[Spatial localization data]
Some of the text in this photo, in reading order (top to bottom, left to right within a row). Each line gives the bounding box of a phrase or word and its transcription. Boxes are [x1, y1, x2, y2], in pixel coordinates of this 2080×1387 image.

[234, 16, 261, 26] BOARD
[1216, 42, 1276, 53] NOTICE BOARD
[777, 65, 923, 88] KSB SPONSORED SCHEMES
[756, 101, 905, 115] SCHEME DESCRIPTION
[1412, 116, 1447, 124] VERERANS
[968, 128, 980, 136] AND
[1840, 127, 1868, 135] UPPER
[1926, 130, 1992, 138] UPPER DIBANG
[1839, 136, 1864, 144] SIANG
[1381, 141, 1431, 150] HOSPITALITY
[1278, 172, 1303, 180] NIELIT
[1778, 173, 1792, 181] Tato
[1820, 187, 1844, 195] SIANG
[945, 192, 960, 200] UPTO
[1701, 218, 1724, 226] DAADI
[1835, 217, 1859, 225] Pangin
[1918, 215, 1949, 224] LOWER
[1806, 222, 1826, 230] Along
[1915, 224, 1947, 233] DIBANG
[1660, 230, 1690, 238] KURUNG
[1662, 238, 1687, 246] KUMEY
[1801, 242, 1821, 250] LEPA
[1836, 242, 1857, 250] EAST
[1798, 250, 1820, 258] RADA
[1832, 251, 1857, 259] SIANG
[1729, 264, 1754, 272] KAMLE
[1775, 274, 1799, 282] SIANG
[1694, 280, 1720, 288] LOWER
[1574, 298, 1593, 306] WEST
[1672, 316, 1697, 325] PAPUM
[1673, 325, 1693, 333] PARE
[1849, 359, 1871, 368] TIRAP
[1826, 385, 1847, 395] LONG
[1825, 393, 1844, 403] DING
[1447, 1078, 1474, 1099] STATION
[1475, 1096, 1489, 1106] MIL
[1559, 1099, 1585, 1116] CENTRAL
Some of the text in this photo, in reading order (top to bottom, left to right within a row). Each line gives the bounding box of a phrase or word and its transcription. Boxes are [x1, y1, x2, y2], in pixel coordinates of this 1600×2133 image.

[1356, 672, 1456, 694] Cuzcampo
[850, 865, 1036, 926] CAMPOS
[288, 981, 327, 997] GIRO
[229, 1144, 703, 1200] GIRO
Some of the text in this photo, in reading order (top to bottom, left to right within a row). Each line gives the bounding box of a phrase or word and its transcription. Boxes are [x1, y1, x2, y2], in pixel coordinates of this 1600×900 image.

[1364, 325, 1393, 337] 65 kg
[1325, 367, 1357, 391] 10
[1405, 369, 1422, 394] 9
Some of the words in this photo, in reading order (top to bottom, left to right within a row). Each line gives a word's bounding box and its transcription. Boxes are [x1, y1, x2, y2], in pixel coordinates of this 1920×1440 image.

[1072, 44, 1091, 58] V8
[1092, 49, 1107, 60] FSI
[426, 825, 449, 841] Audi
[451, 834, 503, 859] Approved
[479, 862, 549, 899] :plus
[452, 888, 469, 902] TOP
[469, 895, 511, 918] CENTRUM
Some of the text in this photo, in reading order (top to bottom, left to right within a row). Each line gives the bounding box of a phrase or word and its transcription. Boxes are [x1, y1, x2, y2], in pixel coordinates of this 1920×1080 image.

Description of the task: Copy out the lines starting at the one containing "this 1600×900 image." and ending with the last line of the entries. Include nothing else.

Result of the exercise:
Some of the text in this photo, in reading order (top to bottom, left to right within a row). Each line gives the bounding box of a phrase or word and its transcription. Boxes are [x1, y1, x2, y2], in pixel coordinates of this 1600×900 image.

[1364, 325, 1393, 337] 65 kg
[1325, 367, 1357, 391] 10
[1405, 369, 1422, 394] 9
Some of the words in this photo, in reading order (top to bottom, left to right within a row). Each line gives a word's bounding box and its transcription. Boxes are [x1, y1, x2, y2], in pixel coordinates of this 1920×1440 image.

[1072, 44, 1091, 58] V8
[1092, 49, 1107, 60] FSI
[426, 825, 449, 841] Audi
[451, 834, 503, 859] Approved
[479, 862, 549, 899] :plus
[452, 888, 469, 902] TOP
[469, 895, 511, 918] CENTRUM
Some of the text in this photo, in reading order (top to bottom, left to right within a row). Each line gives the bounding box of a phrase or word and its transcription. Boxes are [x1, y1, x2, y2], in pixel coordinates of this 1920×1080 image.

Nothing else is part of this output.